Copying a directory from one remote host to another

I prefer that as well.

I have seen some people shy away and am curious why.

Also, some people have situations where they are “fitting in” to
an existing setup where they just have passwords.

In this case, the automated setting up of keys between two remote machines (and tearing the setup down after, reliably) strikes me as too complex. Since we’ll be using Ansible for automated integration testing (which might include fresh, virgin VM snapshots), we’d really like things to be as automated as possible.

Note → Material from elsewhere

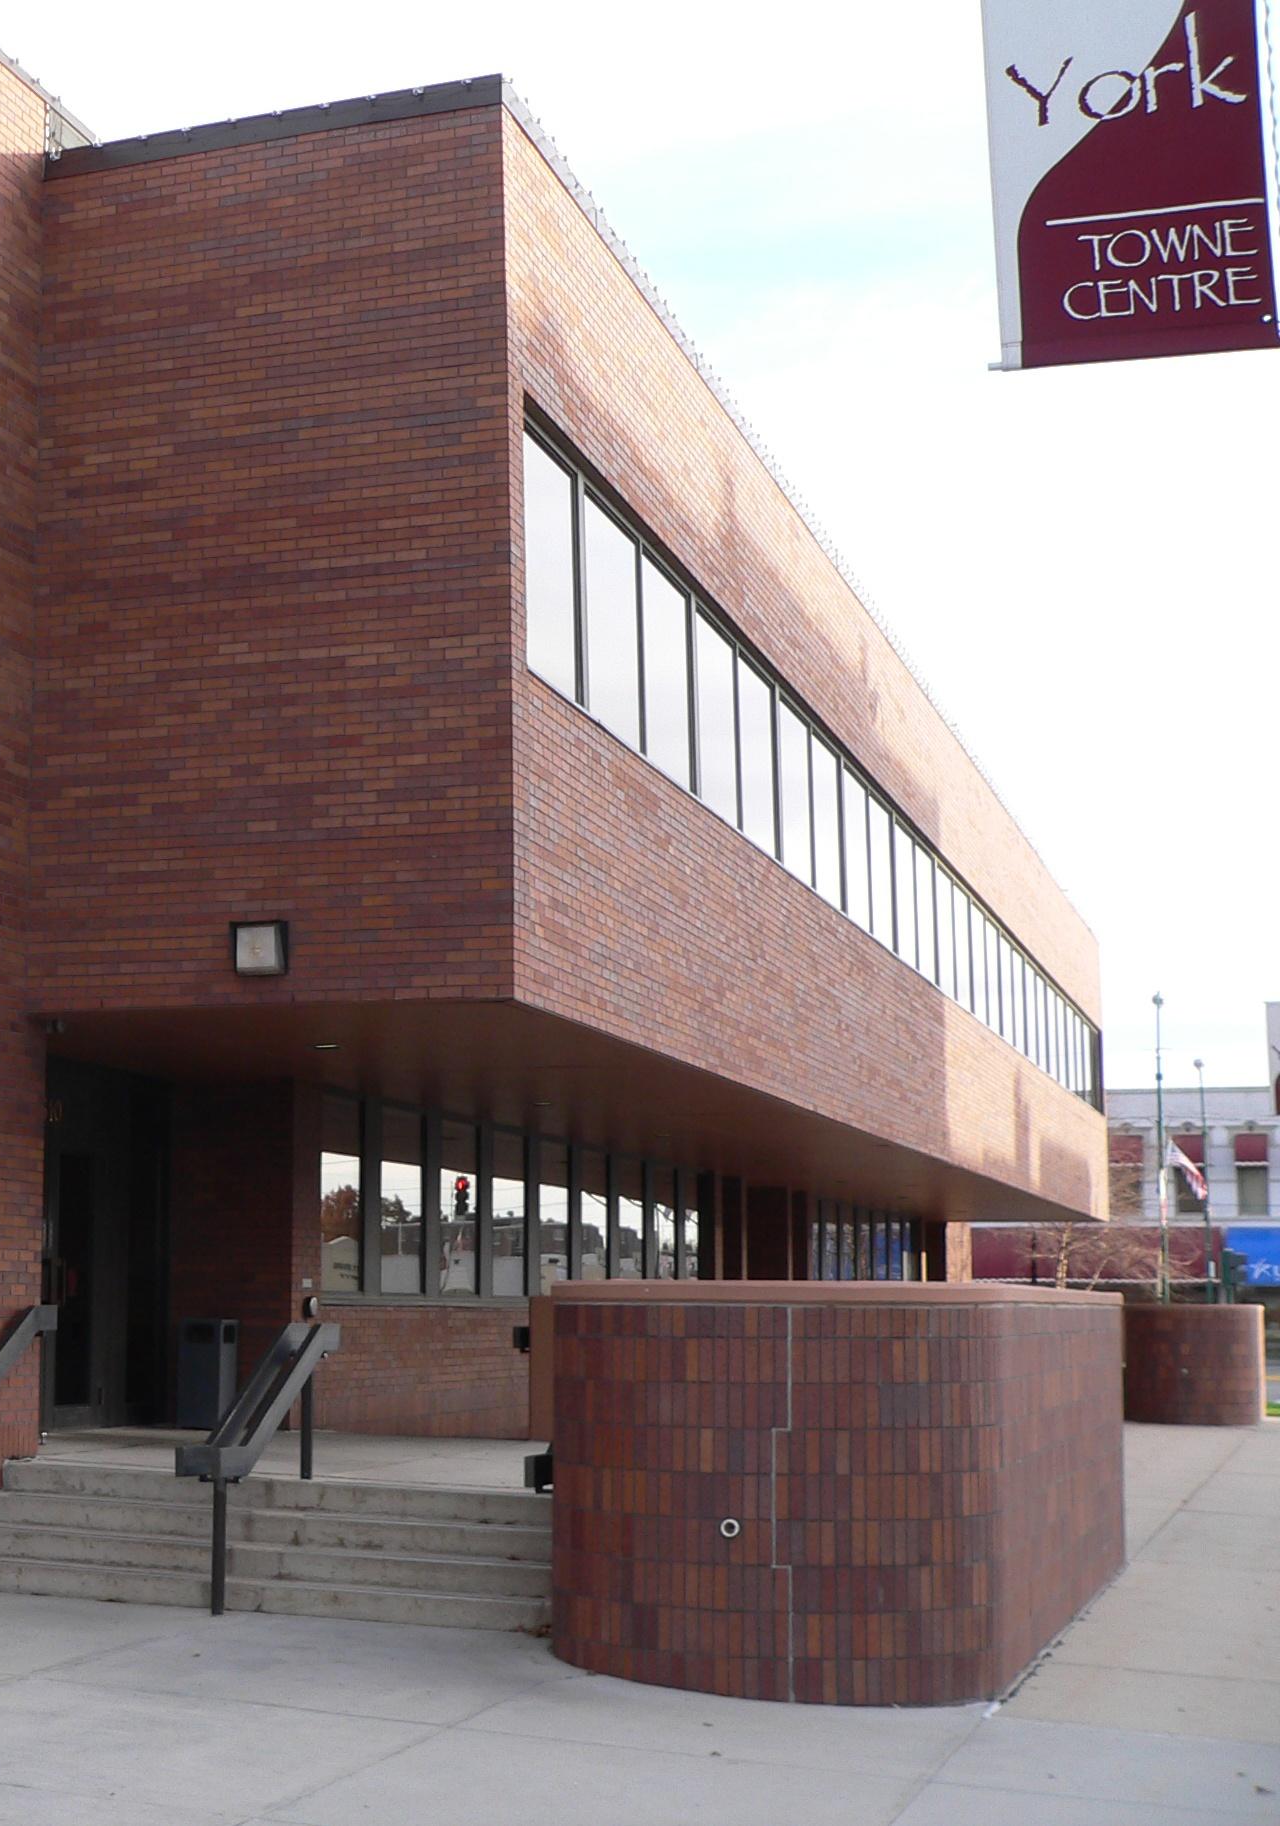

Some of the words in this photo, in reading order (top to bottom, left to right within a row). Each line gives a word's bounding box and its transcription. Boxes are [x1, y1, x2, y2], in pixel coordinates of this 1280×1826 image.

[1005, 11, 1248, 127] York
[1077, 218, 1259, 271] TOWNE
[1062, 266, 1262, 320] CENTRE

SSH agent forwarding looks great (wasn’t familiar with it until the poster above mentioned it), but as far as I can see it requires both key auth and using ssh-agent (and some additional configuration), which I can’t necessarily impose on either our integration test setup nor on the guy who’ll eventually be executing the deployment playbooks on client premises.

I realize passwords are less secure and more cumbersome to use, but they simply fit our current requirements better. Yes, there are things we could do to transition away from using passwords (and maybe we’ll do them in the future), but right now, passwords work for us.

Solution is to not tear those keys down :slight_smile:

ssh-copy-id is a pretty useful program, though it's even better to
deploy them at provisioning time, which also all cloud solutions make
/super/ easy to inject keys.

I see your point; just as now we have VM images with a preset password we could have VM images that trust a particular key, or deploy a particular key using the password as the first step. We just down atm, due to lack of resources/education/whatever.

As for tearing down keys, if we’re talking about ansible → hosts communication, sure, I’d be fine with leaving the hosts trusting a particular key. If we’re talking remote machine → remote machine (i.e. Postgres slave → Postgres master), I’d really like those two machines to not have a passwordless SSH connection between them outside of the short deployment time.